Job Description
Role Overview
- Design, develop, and manage machine learning operations (MLOps) workflows on the Azure cloud platform.
- Deploy, monitor, and optimize ML models in production to ensure scalability, reliability, and efficiency.
- Collaborate with data scientists, software engineers, and cloud teams to integrate ML pipelines into business applications.
Key Responsibilities
- Implement end-to-end MLOps pipelines for model training, deployment, monitoring, and versioning.
- Manage ML infrastructure and services using Azure ML, Azure Kubernetes Service (AKS), and other Azure Stack components.
- Automate model training, testing, deployment, and rollback processes to ensure continuous delivery.
- Monitor model performance, detect drift, and retrain models as needed to maintain accuracy.

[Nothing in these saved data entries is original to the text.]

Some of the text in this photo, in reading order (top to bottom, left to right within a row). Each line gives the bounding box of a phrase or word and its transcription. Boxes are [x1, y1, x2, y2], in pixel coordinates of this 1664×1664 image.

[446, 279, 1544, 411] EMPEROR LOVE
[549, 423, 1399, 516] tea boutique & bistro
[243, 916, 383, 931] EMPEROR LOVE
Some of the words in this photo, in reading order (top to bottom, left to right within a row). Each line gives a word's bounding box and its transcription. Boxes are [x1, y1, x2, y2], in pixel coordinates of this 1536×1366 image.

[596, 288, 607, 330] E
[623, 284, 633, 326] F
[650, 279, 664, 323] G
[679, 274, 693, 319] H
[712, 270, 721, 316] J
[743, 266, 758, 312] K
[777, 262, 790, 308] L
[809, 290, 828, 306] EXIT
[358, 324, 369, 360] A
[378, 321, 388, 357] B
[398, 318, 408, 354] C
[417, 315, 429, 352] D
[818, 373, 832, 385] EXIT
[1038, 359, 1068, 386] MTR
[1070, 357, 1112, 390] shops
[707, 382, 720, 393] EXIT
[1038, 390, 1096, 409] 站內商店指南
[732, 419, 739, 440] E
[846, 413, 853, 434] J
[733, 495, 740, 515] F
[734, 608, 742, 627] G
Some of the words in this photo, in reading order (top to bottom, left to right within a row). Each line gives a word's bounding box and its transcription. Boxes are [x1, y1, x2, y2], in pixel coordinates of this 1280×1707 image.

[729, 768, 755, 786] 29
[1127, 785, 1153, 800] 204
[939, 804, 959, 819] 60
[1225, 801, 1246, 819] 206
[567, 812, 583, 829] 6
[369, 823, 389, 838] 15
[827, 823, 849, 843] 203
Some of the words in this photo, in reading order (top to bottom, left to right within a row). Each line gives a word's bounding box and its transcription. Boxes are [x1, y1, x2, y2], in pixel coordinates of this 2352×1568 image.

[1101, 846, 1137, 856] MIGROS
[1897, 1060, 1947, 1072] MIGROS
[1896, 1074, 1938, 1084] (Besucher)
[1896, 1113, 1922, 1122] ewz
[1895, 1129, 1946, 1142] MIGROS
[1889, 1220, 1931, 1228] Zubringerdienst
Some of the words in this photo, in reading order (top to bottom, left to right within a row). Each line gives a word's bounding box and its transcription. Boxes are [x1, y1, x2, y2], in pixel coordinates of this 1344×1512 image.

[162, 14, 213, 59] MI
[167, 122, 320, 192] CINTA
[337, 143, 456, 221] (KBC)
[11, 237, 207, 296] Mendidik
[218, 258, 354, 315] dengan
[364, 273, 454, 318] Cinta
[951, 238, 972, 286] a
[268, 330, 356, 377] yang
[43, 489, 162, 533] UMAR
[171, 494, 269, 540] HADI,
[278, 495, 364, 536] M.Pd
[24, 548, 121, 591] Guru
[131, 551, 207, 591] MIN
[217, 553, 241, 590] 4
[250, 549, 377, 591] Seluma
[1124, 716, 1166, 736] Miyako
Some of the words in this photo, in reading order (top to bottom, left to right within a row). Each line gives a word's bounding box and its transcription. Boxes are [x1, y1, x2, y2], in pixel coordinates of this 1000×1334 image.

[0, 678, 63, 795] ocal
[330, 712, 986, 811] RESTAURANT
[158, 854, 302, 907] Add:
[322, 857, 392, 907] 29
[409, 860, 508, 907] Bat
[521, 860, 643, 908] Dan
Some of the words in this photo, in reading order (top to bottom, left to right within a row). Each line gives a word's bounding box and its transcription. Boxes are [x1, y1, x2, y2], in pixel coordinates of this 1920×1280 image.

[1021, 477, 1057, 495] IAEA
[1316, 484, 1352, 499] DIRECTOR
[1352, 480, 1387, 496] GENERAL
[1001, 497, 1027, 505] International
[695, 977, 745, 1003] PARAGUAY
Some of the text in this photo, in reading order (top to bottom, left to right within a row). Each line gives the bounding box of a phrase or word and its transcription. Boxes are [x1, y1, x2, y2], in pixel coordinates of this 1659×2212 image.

- Collaborate with data engineering and development teams to integrate ML solutions into applications.
- Ensure compliance with cloud security, governance, and best practices for MLOps workflows.
- Optimize ML workflows for cost, performance, and resource efficiency on Azure Stack.
Required Qualifications
- 3–8 years of experience in MLOps, machine learning, or cloud engineering roles.
- Hands-on experience with Azure Stack, Azure ML, AKS, and related cloud services.
- Knowledge of CI/CD pipelines, containerization (Docker), and orchestration (Kubernetes).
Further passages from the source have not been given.